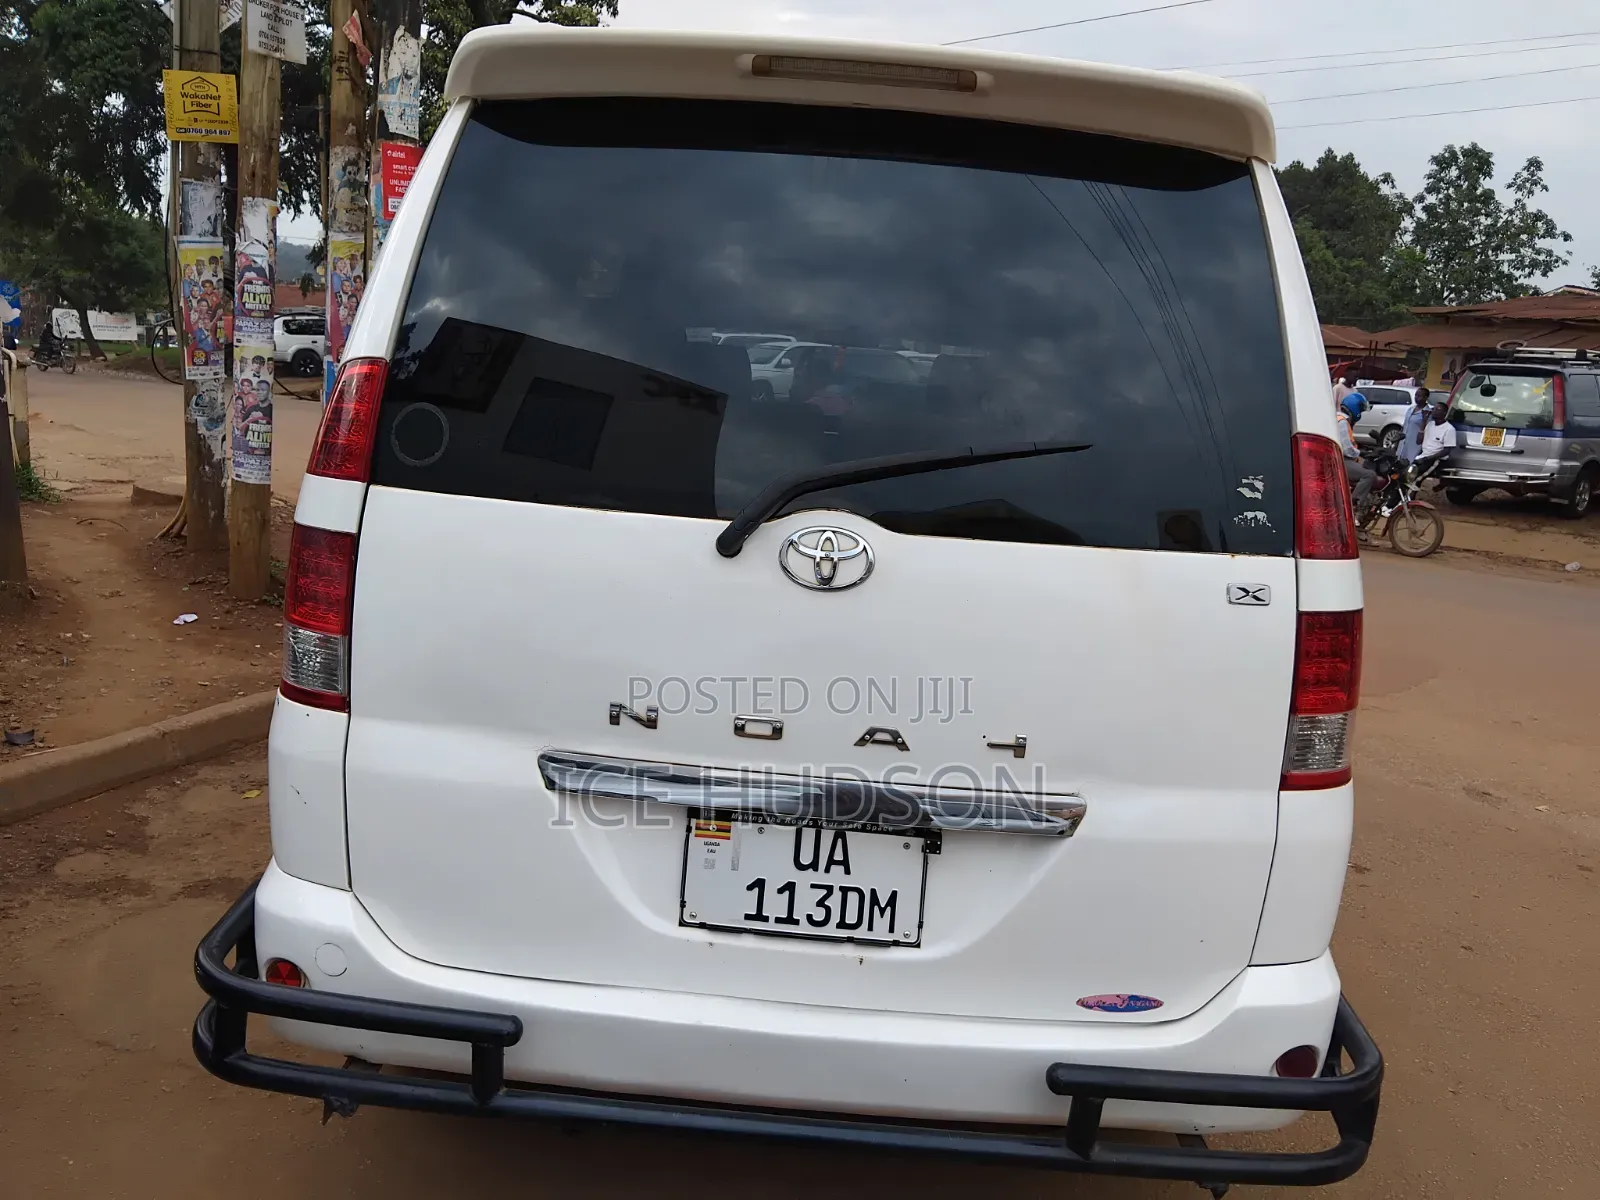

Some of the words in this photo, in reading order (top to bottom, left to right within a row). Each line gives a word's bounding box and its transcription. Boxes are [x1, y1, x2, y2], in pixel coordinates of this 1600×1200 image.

[270, 4, 280, 14] FOR
[260, 10, 273, 20] LAND
[278, 16, 292, 27] PLOT
[268, 23, 280, 34] CALL
[180, 92, 221, 100] WakaNet
[392, 150, 406, 159] airtel
[731, 812, 763, 823] Making
[785, 817, 813, 826] Roads
[866, 824, 893, 832] Space
[794, 826, 851, 875] UA
[744, 877, 898, 934] 113DM
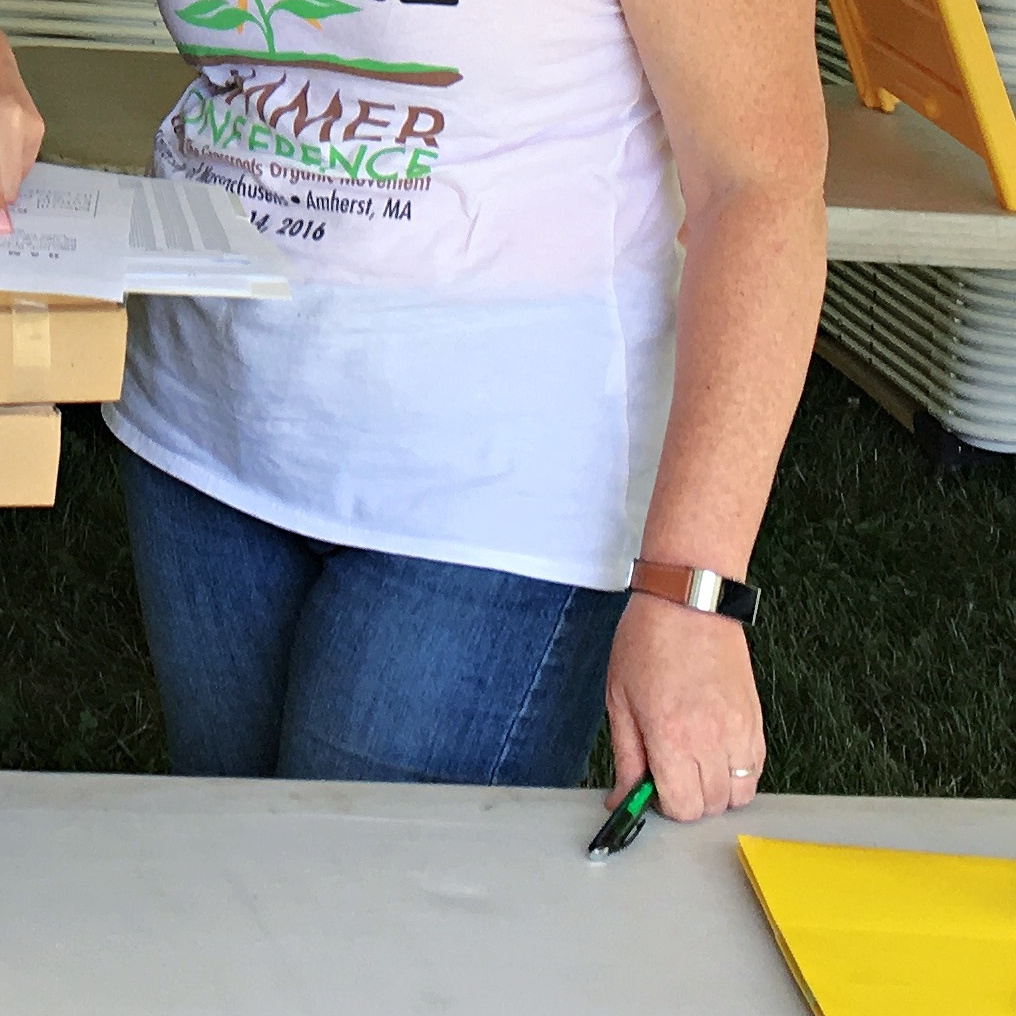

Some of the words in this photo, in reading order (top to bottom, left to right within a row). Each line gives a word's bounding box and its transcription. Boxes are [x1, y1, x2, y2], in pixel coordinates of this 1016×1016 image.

[306, 189, 375, 221] Amherst,
[382, 197, 412, 222] MA
[275, 216, 327, 242] 2016
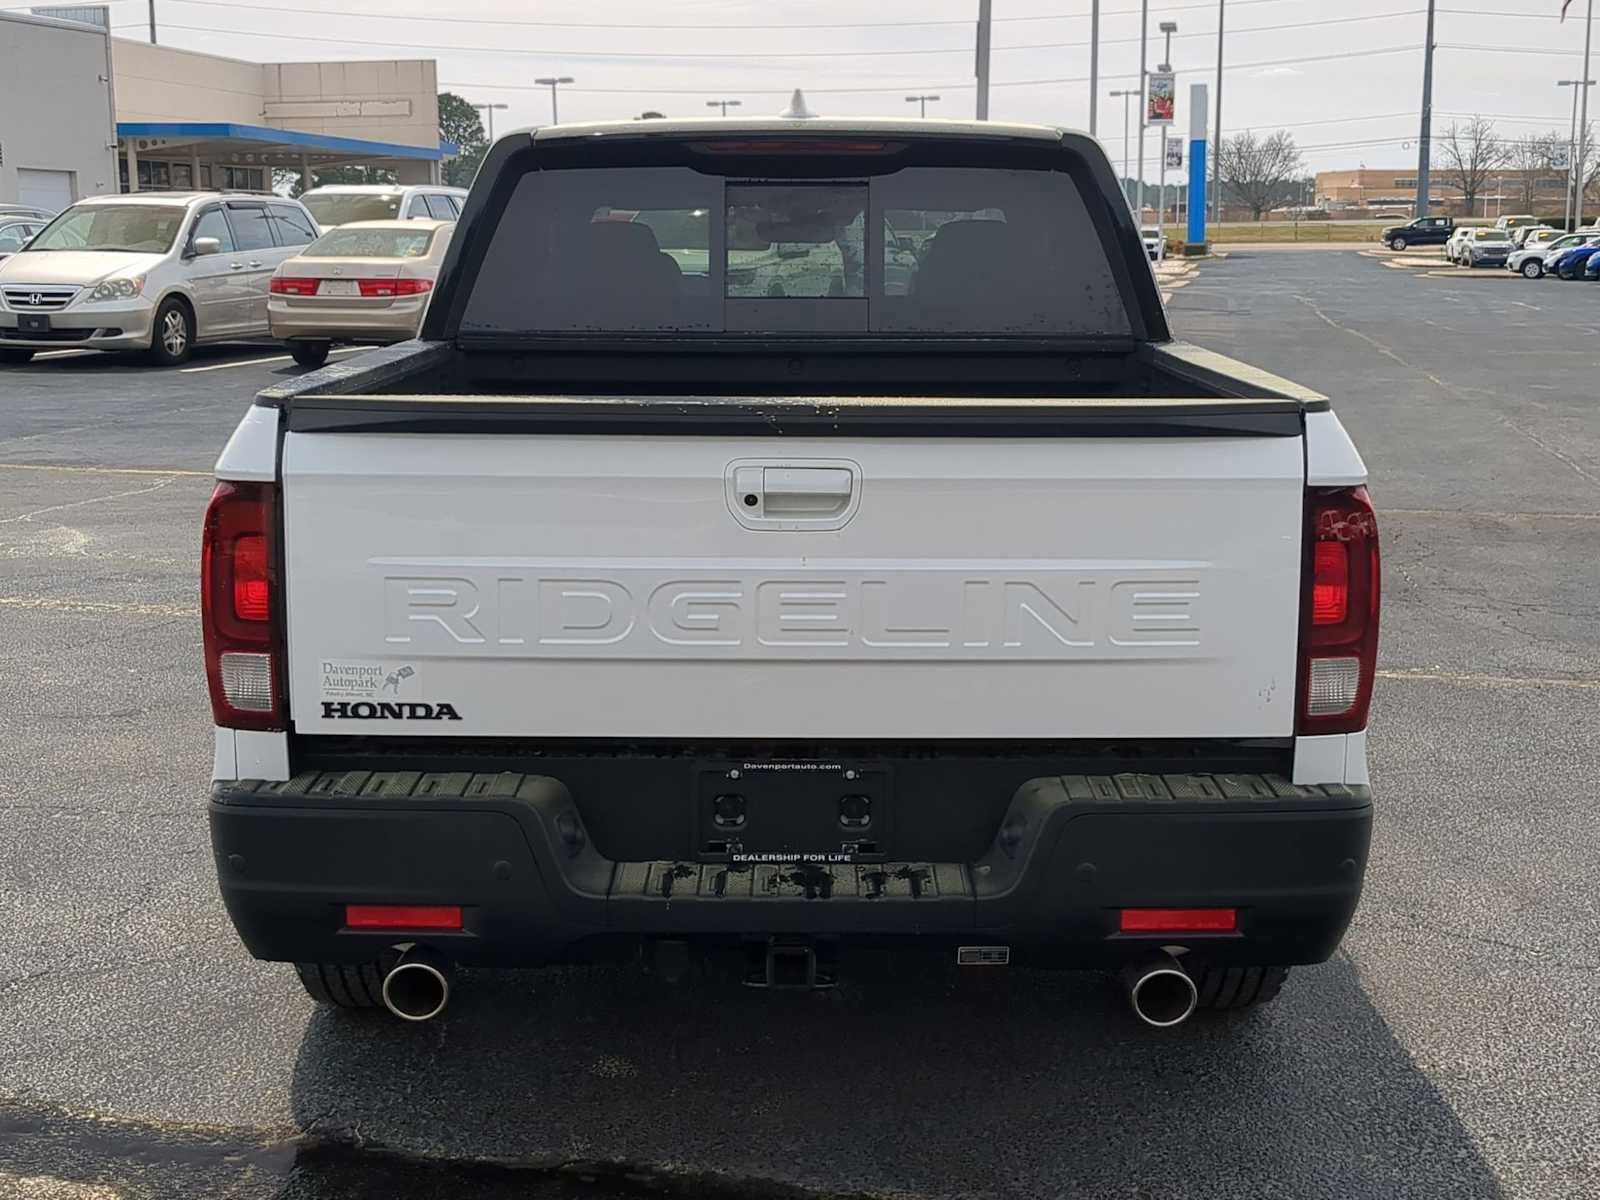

* * *

▶ _Problem to work on_:
Leave every picture out and output the records exactly.

▶ _Exercise solution_:
Some of the words in this photo, in reading order (top to bottom, left to right within a row). Each line gives a word's bounding box and its transcription. Boxes are [x1, y1, x2, y2], in pixel coordinates of this 1600×1200 image.

[270, 4, 280, 14] FOR
[260, 10, 273, 20] LAND
[278, 16, 292, 27] PLOT
[268, 23, 280, 34] CALL
[180, 92, 221, 100] WakaNet
[392, 150, 406, 159] airtel
[731, 812, 763, 823] Making
[785, 817, 813, 826] Roads
[866, 824, 893, 832] Space
[794, 826, 851, 875] UA
[744, 877, 898, 934] 113DM

Some of the words in this photo, in reading order (top to bottom, left to right within a row). Each line gives a word's bounding box and its transcription. Boxes are [x1, y1, x2, y2], in pixel coordinates of this 1016×1016 image.

[306, 189, 375, 221] Amherst,
[382, 197, 412, 222] MA
[275, 216, 327, 242] 2016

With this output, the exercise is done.